Thursday, 29 July 2010


I have a morbid interest in the phenomenon of the castrati - men who were forcibly mutilated at a young age so that their vocal ranges retained their child-like uniqueness. I imagine that this was a rather callous gamble with the child's life - I mean there never was a guarantee that the boy's singing voice would remain absolutely wonderful was there? Years ago I listened to the only record made of a castrato singing (Alessandro Moreschi, the last castrato of the Sistine Chapel, who died (scarily) in 1922 - in the lifetime of my grandfather!) part of Eugenio Terziani's Hostias et Preces (you can find it on wikipedia), and to be quite honest I fail to see why they were so popular. The man's voice sounds to my ears like a cat screeching, and I felt quite horrified listening to it. I once heard that Allegri composed his Miserere with the castrati in mind; can anyone verify this? I doubt I'd have enjoyed it so much had I heard it sung for the first time by a choir consisting solely of men...

I fail to see how the Church (and not only the Catholic Church) got around the very serious moral questions surrounding the castrati. There is no warrant for the horrid practice in the Scriptures - just a very liberal interpretation of Matthew 19:12 and St Paul's command about the silence of women in church in 1Corinthians 14:34. Pope Benedict XIV tried to suppress the castrati in the 18th century, but so popular were they that he failed, although they declined eventually, until the Church stopped admitting castrati to the Sistine chapel choir in 1878.

I don't know this, of course, but what would the life of a castratus be like? I imagine that it must have been quite depressing, especially if the man had wanted to sire children. What do we think of castrati these days? I think personally that they were a huge mistake, and the practice laid the lives of many boys in ruin.
The above photo is of Mgr Lorenzo Perosi, Maestro Perpetuo della Cappella Sistina between 1898 and 1956 (gosh didn't he see many changes!) and the Sistine Chapel choir. Perosi saw the final departure of the castrati from the Vatican in 1913, when Alessandro Moreschi retired.
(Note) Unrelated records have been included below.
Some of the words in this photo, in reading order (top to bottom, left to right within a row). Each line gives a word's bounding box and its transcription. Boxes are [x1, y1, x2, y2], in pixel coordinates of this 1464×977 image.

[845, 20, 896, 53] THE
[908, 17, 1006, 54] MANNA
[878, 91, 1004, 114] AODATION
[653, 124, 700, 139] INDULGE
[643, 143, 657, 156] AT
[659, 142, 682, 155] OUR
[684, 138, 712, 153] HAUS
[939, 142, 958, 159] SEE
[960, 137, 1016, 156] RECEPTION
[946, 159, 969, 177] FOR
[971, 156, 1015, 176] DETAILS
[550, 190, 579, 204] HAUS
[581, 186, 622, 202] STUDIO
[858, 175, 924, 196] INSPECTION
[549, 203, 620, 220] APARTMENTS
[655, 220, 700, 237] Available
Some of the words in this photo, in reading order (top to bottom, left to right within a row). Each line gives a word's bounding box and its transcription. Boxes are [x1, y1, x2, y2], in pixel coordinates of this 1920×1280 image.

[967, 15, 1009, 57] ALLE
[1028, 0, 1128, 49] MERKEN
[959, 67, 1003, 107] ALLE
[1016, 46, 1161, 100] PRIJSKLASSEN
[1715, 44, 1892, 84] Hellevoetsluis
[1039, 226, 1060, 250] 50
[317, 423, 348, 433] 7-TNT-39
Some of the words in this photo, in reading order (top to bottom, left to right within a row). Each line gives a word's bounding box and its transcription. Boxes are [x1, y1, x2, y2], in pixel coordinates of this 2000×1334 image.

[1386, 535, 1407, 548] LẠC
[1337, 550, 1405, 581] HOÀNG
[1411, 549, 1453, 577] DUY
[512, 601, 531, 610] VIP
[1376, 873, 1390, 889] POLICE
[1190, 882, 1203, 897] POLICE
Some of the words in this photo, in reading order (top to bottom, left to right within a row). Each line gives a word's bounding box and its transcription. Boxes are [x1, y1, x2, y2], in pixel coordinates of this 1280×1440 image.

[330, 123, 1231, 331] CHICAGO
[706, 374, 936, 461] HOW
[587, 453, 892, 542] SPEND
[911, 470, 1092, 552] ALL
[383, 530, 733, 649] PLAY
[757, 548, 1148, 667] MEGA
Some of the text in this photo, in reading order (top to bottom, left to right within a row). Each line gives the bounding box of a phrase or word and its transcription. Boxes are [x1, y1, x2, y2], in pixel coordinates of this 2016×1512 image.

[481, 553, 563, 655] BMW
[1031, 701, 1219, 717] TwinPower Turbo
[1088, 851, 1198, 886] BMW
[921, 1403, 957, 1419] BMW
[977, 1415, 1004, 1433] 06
  1. Mme. M: "Whose blog's that you've got your nose in?"

    M: "Patricius"

    Mme. M: "What's he on about today?"

    M: "B******s"

    Mme. M: "No change there, then...."

  2. Whilst I share your distaste - revulsion, even ? - for the castrati, a little investigation shows that they very often became famous and wealthy; and, incidentally, that by no means all of them were physically unable to achieve sexual gratification - indeed, quite a number were very popular with the ladies !
    As you say, a distasteful phenomenon, but not always quite as black as you have painted it.

  3. There was an interesting programme on BBC radio about this a short time ago; I think it was The Early Music Show, Radio 3 (Sats. & Suns.). You may be able to track it down and listen to it on playback. I think I still have my LP copy of The Last Castrato, which was a terrible disappointment, excepting the recherche music on it, but much of the problem was one of aged recording,I think. Alan Robinson

  4. Are you aware of the novel "The Alteration" by Kingsley Amis. Its themes include castrati in an alternative England that never became Protestant.

  5. The castrati are remembered as having very high but powerful voices. Think of the power of a large baritone with the range of a mezzo-soprano. Most of the important male roles in Handel operas were written for castrati. Nowadays, they re-perform those roles using either counter-tenors or women in drag. Here is an example:

    Pretty, but I am sure that it is not the same.

    As for the whole, "why did they do that back then?", you tell me. On your way to your usurious bank, in a city partially governed by women, while reading your Catholic theology book that admits that we probably physically descended from apes (though Genesis is a useful "mythology" as JPII called it). Newman once said that to be in touch with history is to cease to be Protestant. I say: even more in touch with history, and you cease to be anything.